Problem to solve
When you copy the material below, keep every line exact and leave each picture out.
=== Data shown ===
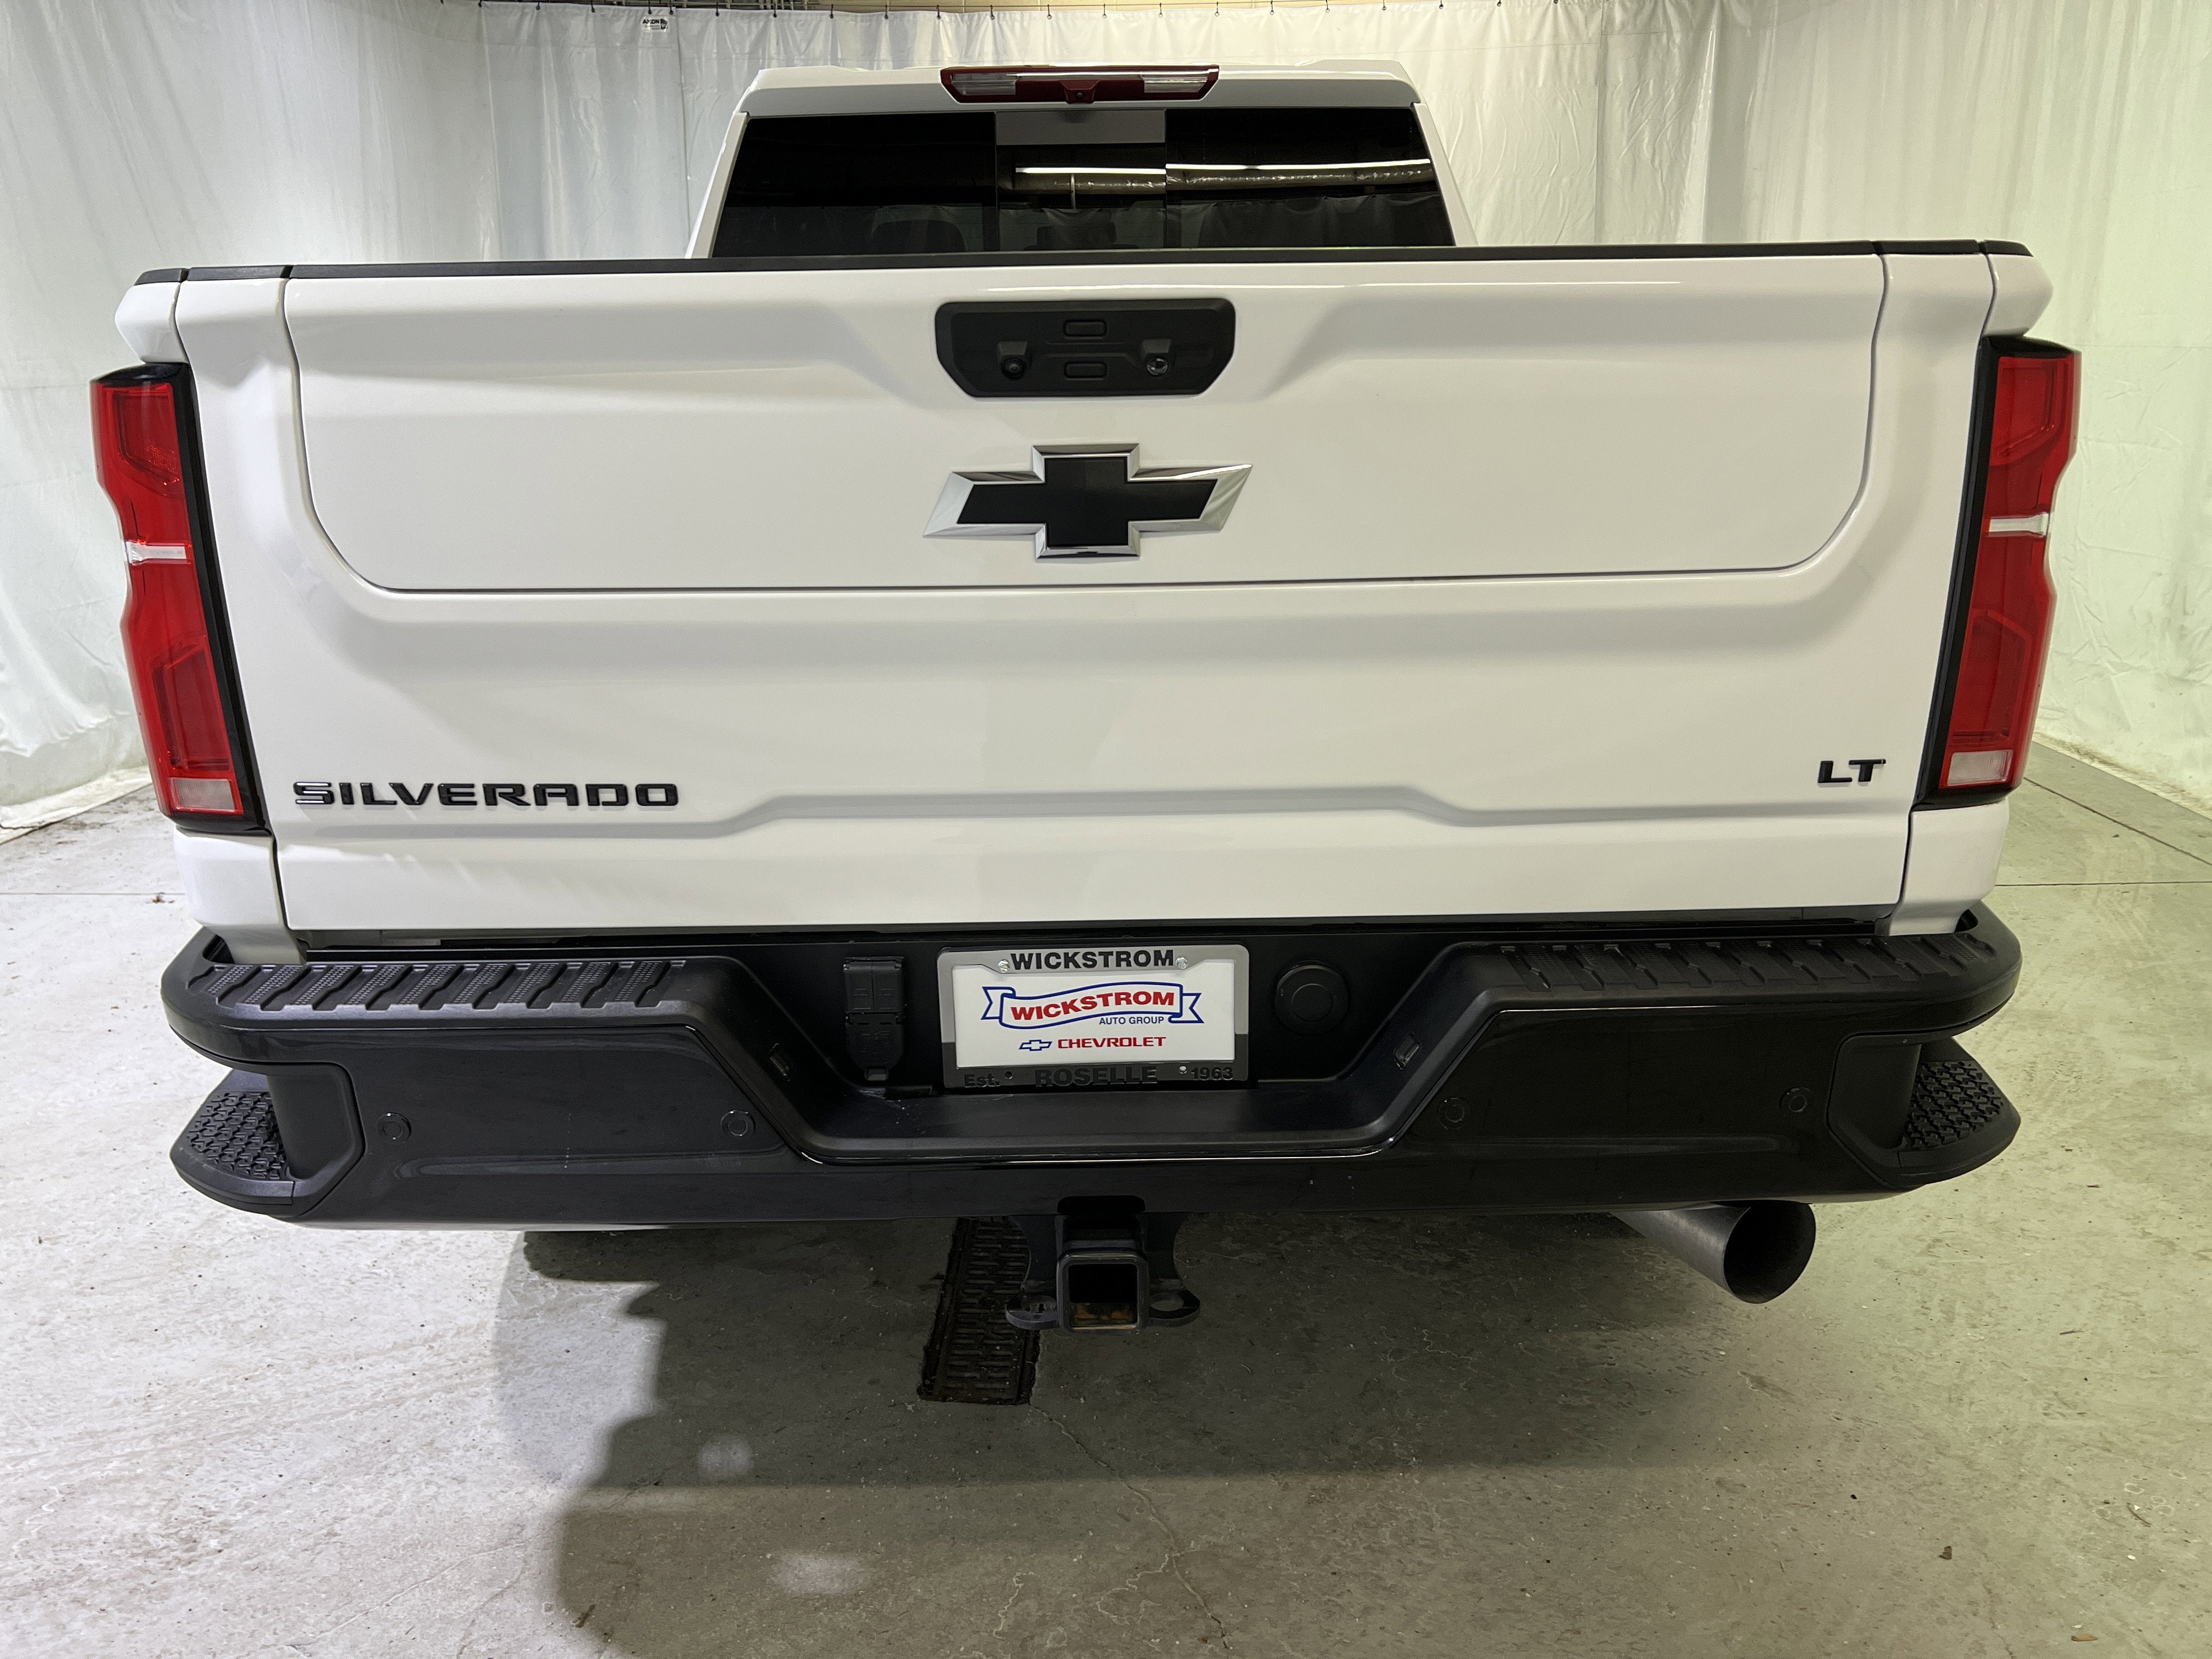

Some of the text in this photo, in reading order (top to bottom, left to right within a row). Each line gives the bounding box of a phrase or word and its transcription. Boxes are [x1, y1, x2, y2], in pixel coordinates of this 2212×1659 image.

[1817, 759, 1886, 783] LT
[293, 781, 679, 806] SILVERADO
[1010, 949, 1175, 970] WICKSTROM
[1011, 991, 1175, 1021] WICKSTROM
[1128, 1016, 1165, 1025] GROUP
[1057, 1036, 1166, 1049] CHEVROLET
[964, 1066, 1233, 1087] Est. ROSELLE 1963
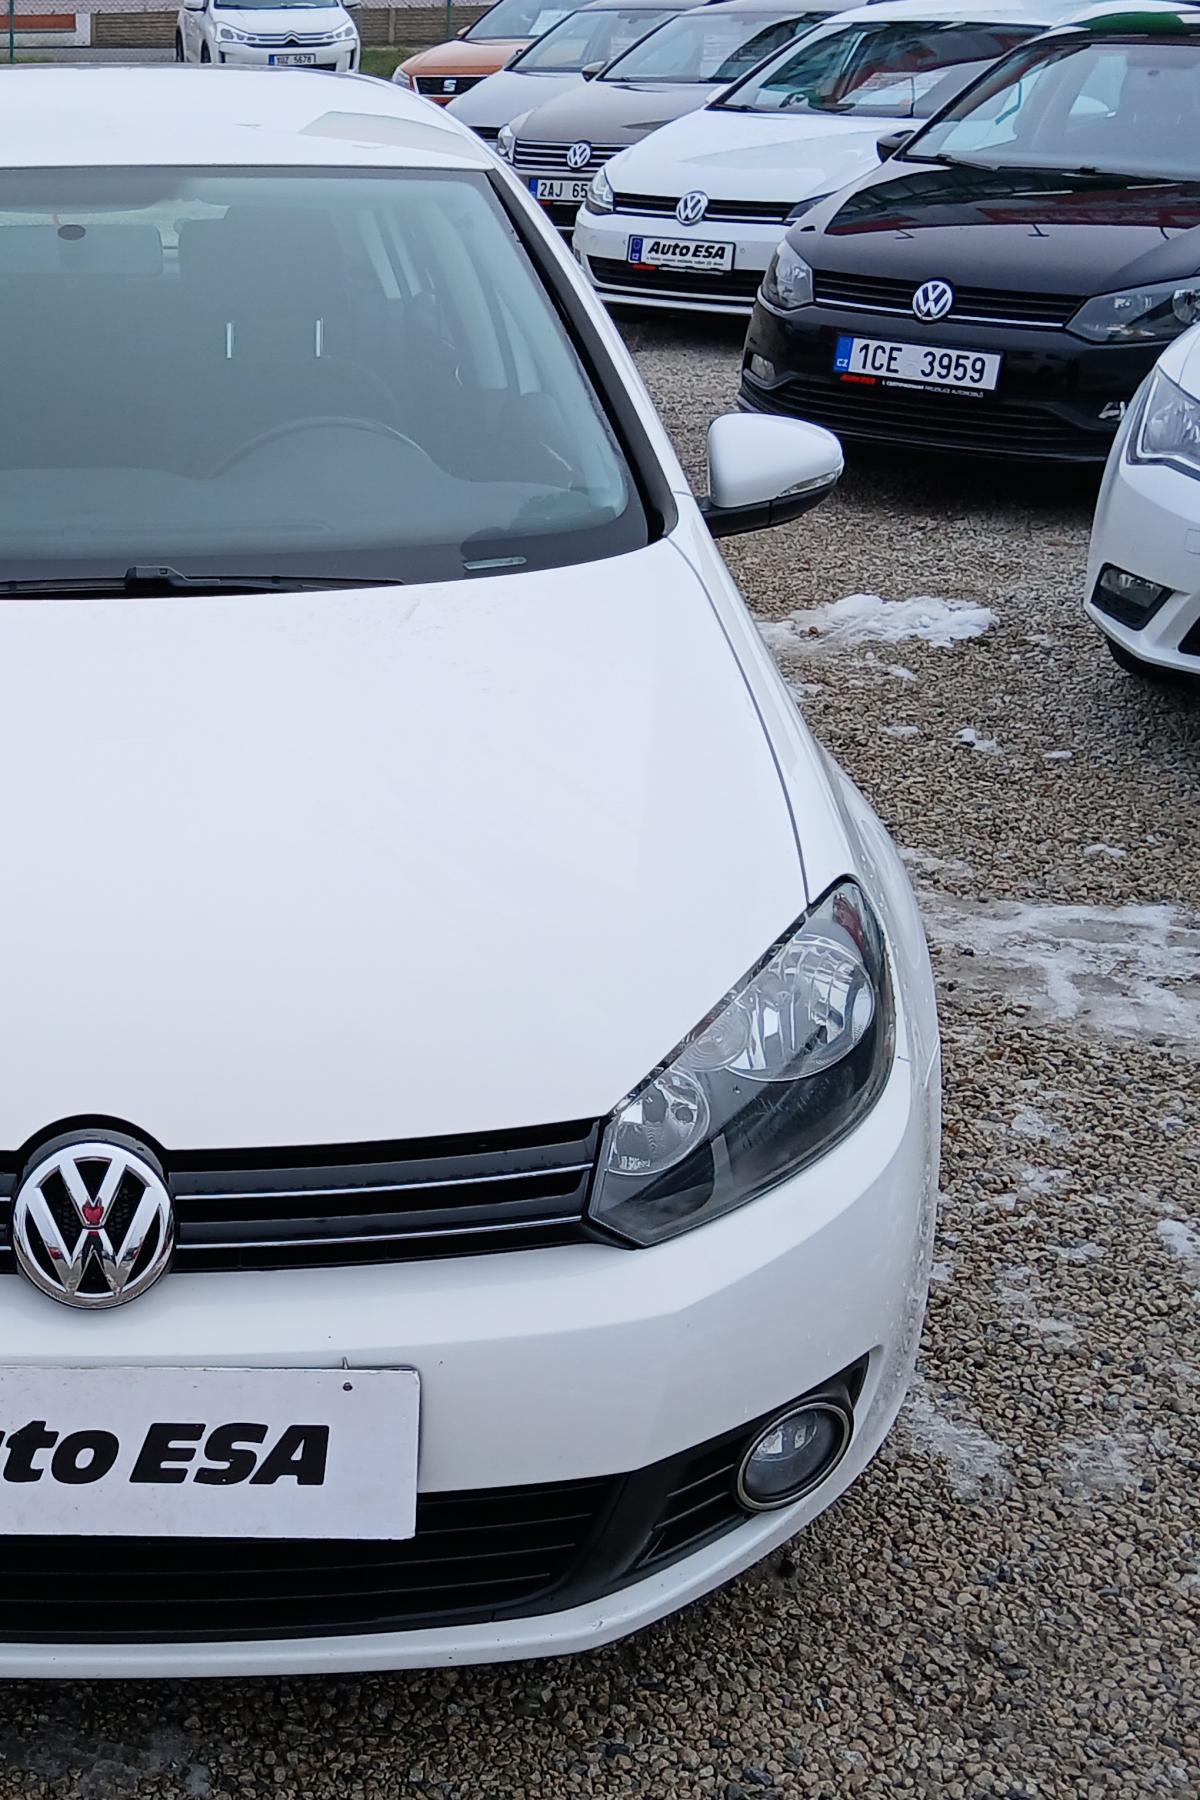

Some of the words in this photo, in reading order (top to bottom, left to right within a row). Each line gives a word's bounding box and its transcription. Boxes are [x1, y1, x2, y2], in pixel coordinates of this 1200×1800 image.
===
Reply
Some of the text in this photo, in reading order (top to bottom, left to right within a row). Each line gives the bounding box of a phrase or word and its transcription. Boxes are [x1, y1, x2, y2], in pixel coordinates of this 2212×1659 image.

[1817, 759, 1886, 783] LT
[293, 781, 679, 806] SILVERADO
[1010, 949, 1175, 970] WICKSTROM
[1011, 991, 1175, 1021] WICKSTROM
[1128, 1016, 1165, 1025] GROUP
[1057, 1036, 1166, 1049] CHEVROLET
[964, 1066, 1233, 1087] Est. ROSELLE 1963

Some of the words in this photo, in reading order (top to bottom, left to right within a row). Each line gives a word's bounding box and its transcription. Boxes are [x1, y1, x2, y2], in pixel coordinates of this 1200×1800 image.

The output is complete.